All records below are to be duplicated exactly, with every picture excluded.

:: Information ::
══════════════════════════════

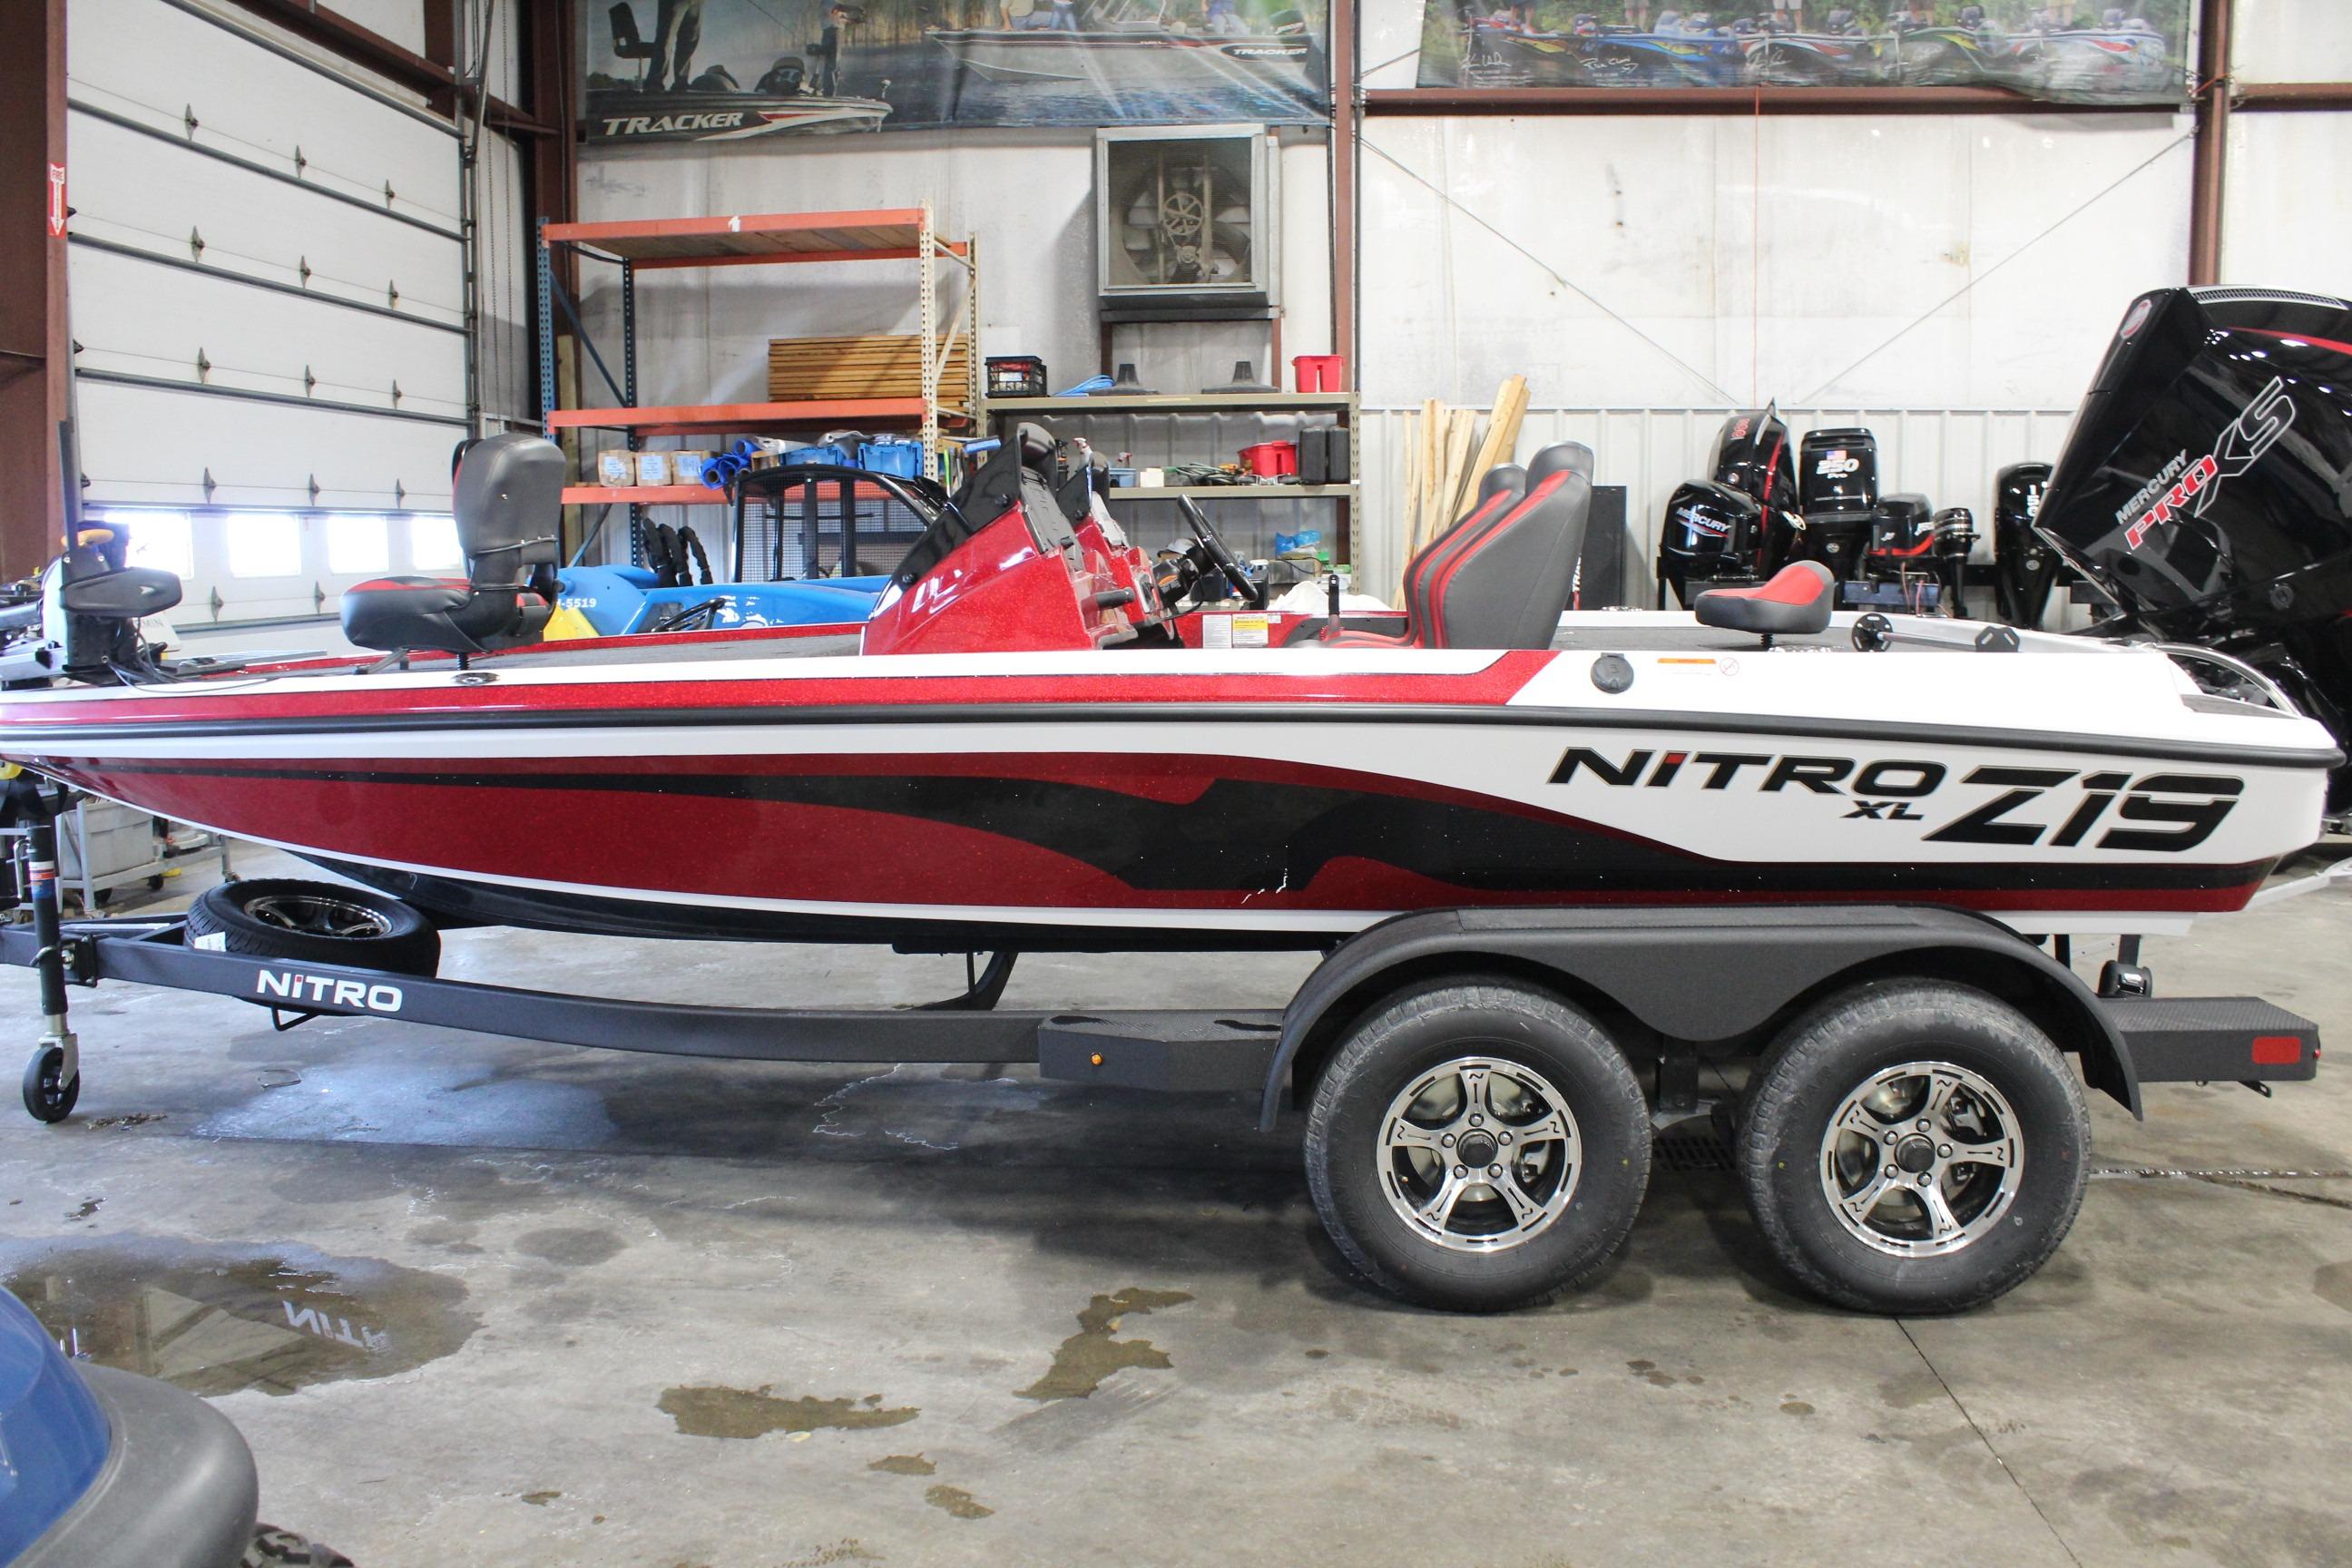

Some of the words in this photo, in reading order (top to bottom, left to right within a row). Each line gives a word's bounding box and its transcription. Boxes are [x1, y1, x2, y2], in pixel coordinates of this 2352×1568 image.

[603, 112, 744, 136] TRACKER
[1817, 458, 1859, 475] 250
[2114, 448, 2187, 525] MERCURY
[2123, 454, 2219, 551] PRO
[1676, 506, 1733, 532] MERCURY
[1545, 746, 1948, 797] NITRO
[1920, 764, 2245, 852] Z19
[1839, 799, 1926, 820] XL
[256, 969, 403, 1013] NITRO

══════════════════════════════

:: Response to this exercise ::
Some of the words in this photo, in reading order (top to bottom, left to right within a row). Each line gives a word's bounding box and its transcription. Boxes are [x1, y1, x2, y2], in pixel coordinates of this 2352×1568 image.

[603, 112, 744, 136] TRACKER
[1817, 458, 1859, 475] 250
[2114, 448, 2187, 525] MERCURY
[2123, 454, 2219, 551] PRO
[1676, 506, 1733, 532] MERCURY
[1545, 746, 1948, 797] NITRO
[1920, 764, 2245, 852] Z19
[1839, 799, 1926, 820] XL
[256, 969, 403, 1013] NITRO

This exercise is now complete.